TASCHEN unites 40 years of Annie Leibovitz’s work in a collector’s book that’s sumo-sized and brimming with icons from every era. With such depth of work, Annie has spent years developing her extensive collection of photographs, each one intimate and iconic in its own right. From comedians to journalists, work from Rolling Stone circa 1970, to portraiture for the likes of Vanity Fair and Vogue — Leibovitz is indisputably a master of her genre.
For a project that’s no small feat, everything about this read is bold and impressive: from the leather bound hardcover to a custom-made tripod stand, designed by Marc Newson, that accompanies every book. Annie’s work confidently dwarfs what you ever thought you would get from a book of photographs. With character and a timeless air to every image, this exciting read gives you the best of 40 years, packaged in a way that’s unmistakably Leibovitz.
Left / Yves Saint Laurent © Thames & Hudson. Right / Jerry Hall,1995 © Roxanne Lowit. Courtesy of Roxanne Lowit.
Revolutionising womenswear with le smoking, elevating streetwear and making couture accessible, Yves Saint Laurent has become a name associated with style, sophistication and high fashion. His futuristic collections never failed to stir controversy, making him one of the most influential couturiers ever.
As Saint Laurent dressed the world, there was Roxanne Lowit to photograph it. From 1978, the year the New York-based “fashion’s historian” (in the words of Karl Lagerfeld) first ventured backstage at an YSL show in Paris to the last show he gave in 2002, she captured the behind-the-scenes dynamism at his shows. Recently she compelled a collection of dazzling images together with contributions from his muses and admirers, intimately recreating the backstage experience at Saint Laurent’s shows.
“I like to amuse myself,” used to say flamboyant couturière Elsa Schiaparelli, “If I didn’t, I would die.”
Italian-born designer Schiap, as she was known, was an innovative fashion star from 1927 until she closed her atelier in Paris in 1954. Her style was a social revolution — luxurious, eccentric, ironic, sexy, from the whimsical to the most practical. Chanel, her rival, called her, “that Italian woman who makes dresses”, but Schiaparelli collaborated with some of the greatest artists of the twentieth century during her meteoric rise to couture queen of the 1930s, grossing millions of francs a year. Her Parisian boutique opened into a cage, Vogue presented her collection as Works of Art in 1927 and, a decade later, she was the first European to win the Neiman Marcus Fashion Award. She favoured bold colours, padded shoulders and surrealism-influenced motifs. Creating the wraparound dresses, built-in bras, and visible zippers, she also was the first designer to use rayon and latex, thick velvets, transparent and waterproof, and cellophane.

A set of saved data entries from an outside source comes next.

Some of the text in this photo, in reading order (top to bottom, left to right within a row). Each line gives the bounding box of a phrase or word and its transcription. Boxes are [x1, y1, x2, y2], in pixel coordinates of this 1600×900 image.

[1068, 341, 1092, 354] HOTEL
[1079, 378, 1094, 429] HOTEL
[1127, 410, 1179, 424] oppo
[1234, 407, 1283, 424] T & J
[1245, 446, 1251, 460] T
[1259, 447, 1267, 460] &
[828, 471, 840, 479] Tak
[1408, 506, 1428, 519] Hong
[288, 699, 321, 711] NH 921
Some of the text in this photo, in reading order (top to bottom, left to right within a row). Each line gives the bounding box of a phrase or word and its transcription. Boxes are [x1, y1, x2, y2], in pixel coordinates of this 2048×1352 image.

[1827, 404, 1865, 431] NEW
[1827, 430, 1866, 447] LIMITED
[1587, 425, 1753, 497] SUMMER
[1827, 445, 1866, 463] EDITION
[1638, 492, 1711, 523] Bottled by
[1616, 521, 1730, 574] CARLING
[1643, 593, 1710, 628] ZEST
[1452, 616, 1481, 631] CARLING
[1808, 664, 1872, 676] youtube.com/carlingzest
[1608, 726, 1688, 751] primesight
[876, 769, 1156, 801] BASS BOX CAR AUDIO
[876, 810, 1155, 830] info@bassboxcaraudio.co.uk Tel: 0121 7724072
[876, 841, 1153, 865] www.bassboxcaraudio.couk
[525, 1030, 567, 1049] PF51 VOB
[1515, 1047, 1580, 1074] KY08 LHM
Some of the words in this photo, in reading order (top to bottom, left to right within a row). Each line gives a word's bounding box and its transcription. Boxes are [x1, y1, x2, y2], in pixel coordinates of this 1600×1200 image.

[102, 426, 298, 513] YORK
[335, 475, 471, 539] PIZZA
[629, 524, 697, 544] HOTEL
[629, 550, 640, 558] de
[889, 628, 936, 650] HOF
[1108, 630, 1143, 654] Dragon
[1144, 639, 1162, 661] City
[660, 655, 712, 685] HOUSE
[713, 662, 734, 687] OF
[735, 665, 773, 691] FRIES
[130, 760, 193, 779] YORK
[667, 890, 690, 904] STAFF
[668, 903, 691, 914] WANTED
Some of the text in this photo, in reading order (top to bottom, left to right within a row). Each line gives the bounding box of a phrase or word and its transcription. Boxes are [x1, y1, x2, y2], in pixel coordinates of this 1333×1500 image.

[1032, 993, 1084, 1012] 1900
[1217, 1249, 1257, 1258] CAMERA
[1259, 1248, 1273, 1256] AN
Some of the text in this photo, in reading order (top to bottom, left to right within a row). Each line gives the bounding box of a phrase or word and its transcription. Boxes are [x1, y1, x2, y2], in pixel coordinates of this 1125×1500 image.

Secrest traces the large and extravagant life of the woman whose artistic vision redefined the boundaries of fashion and art. The book talks about her upbringing in Rome, interviews and writings, public records and Schiaparelli’s own 1954 memoir, Shocking Life. The result paints a vivid, sympathetic, humorous, and realistic portrait of the the creative mind and fashion force Elsa Schiaparelli was until the end.
Loulou de la Falaise © Rizzoli, 2014
A new release has become the first monograph to celebrate the life and work of Loulou de la Falaise, the style icon and muse to Yves Saint Laurent who became the embodiment of French chic. Born in 1948 to an English mother and a French father, Loulou’s chic style, powerful spirit and ability to transform anything into something made her an influential fashion icon and a breath of fresh air to the world of Parisian haute couture.
”I’m not a very strict person,” she once declared. “I’m more of an extravagant type of person. I’ll keep on mixing because it’s more inspiring. I think fashion goes through phases. I just wait for them to be over.
Celebrated for inspiring and accessorizing Yves Saint Laurent’s collections, she moved to Paris in 1972 to work with the designer. For almost forty years, she built her professional reputation designing jewelry and accessories both for Yves Saint Laurent as well as for her own line.
Slim, beautiful and artistic, she almost looked like a fashion sketch. She loved parties and cigarettes, but so did everyone else in Paris back then. Fun-loving and popular on the Paris social scene, Loulou was a glamorous figure with perfect proportions, seductive voice and bohemian flare. Oscar de la Renta said he always felt reassured when de la Falaise would declare, “I love that.” And although she loved socializing, she was almost always surrounded by Yves, her husband Thadée Klossowski de Rola and their daughter, Anna.
Loulou’s appetite for fashion and beauty continues to inspire today. This volume is her life in over 400 pictures captured by legendary photographers, alongside conversations with her intimates.